» **Work to be completed**
Would you please restate the data exactly as it stands, apart from the pictures?

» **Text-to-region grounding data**
==============================

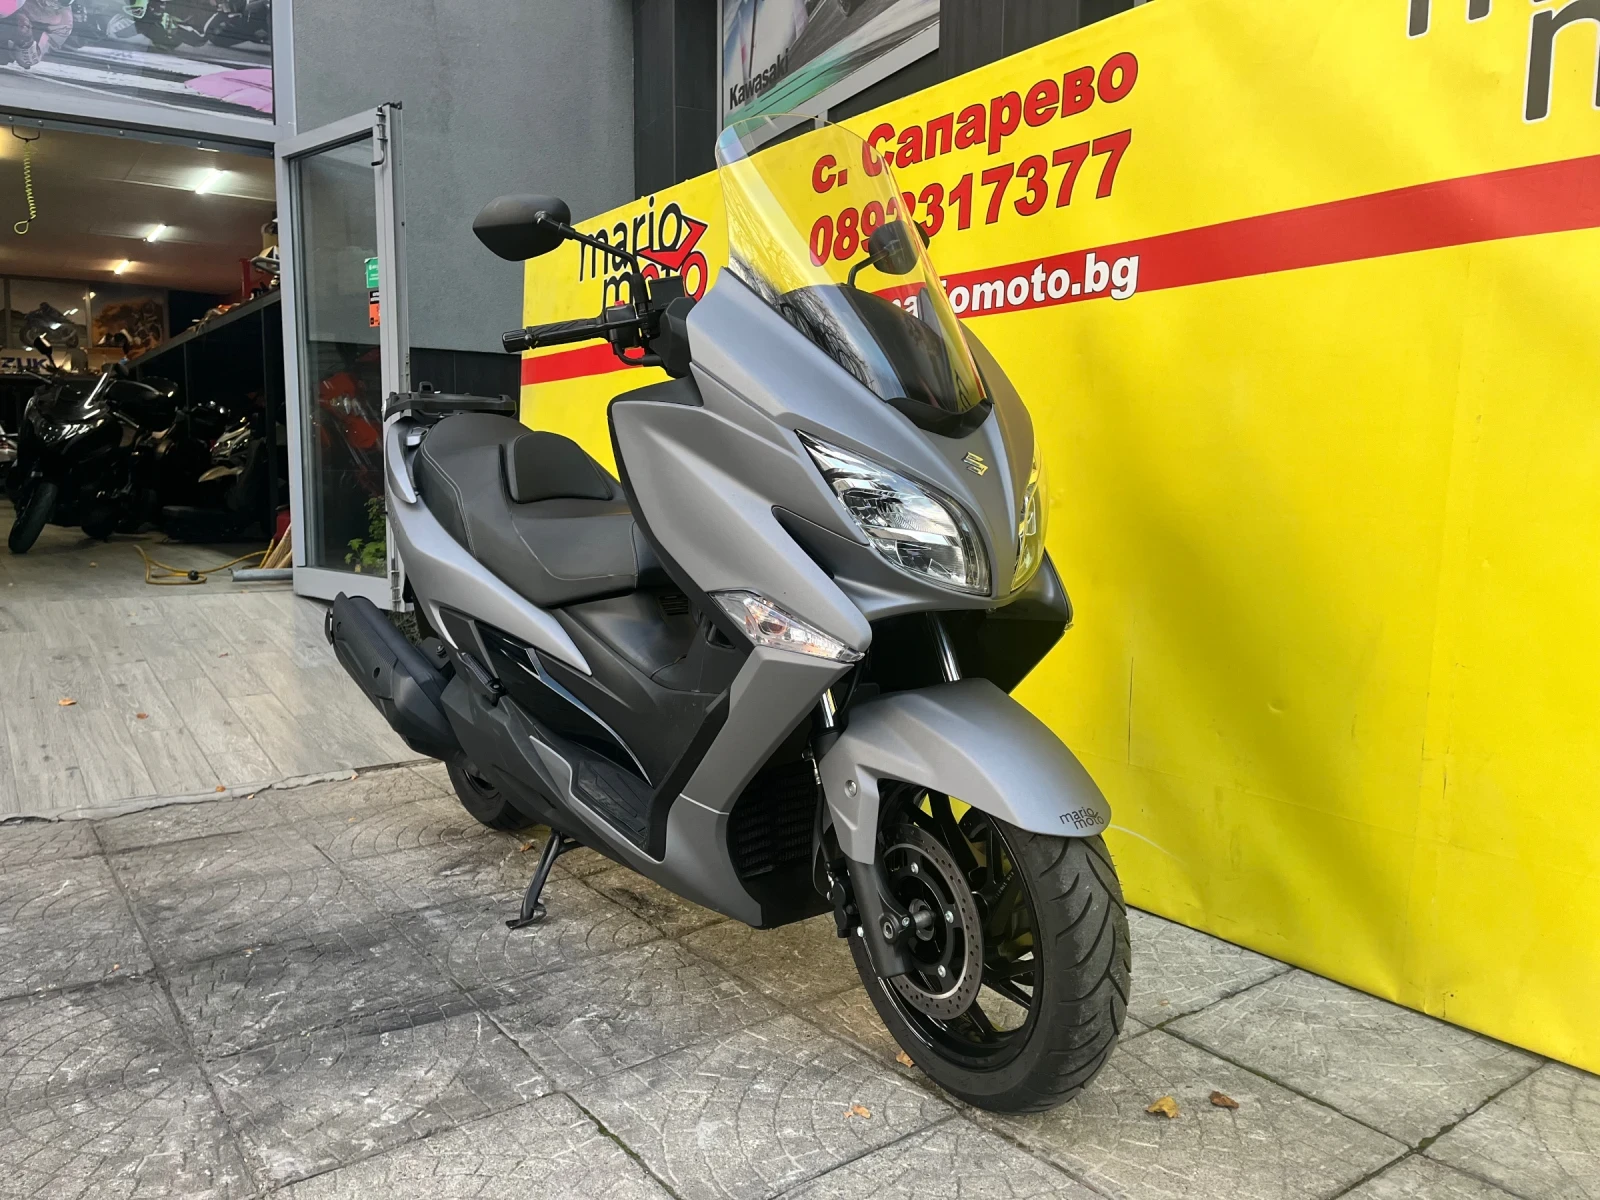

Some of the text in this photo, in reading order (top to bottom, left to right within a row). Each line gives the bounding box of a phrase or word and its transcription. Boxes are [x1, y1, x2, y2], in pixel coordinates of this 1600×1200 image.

[730, 47, 789, 110] Kawasaki
[811, 52, 1138, 193] с. Сапарево
[579, 196, 682, 282] mario
[891, 252, 1140, 318] aomoto.bg
[1059, 806, 1095, 824] mario
[1073, 816, 1105, 830] moto

==============================

» **Exercise answer**
Some of the text in this photo, in reading order (top to bottom, left to right within a row). Each line gives the bounding box of a phrase or word and its transcription. Boxes are [x1, y1, x2, y2], in pixel coordinates of this 1600×1200 image.

[730, 47, 789, 110] Kawasaki
[811, 52, 1138, 193] с. Сапарево
[579, 196, 682, 282] mario
[891, 252, 1140, 318] aomoto.bg
[1059, 806, 1095, 824] mario
[1073, 816, 1105, 830] moto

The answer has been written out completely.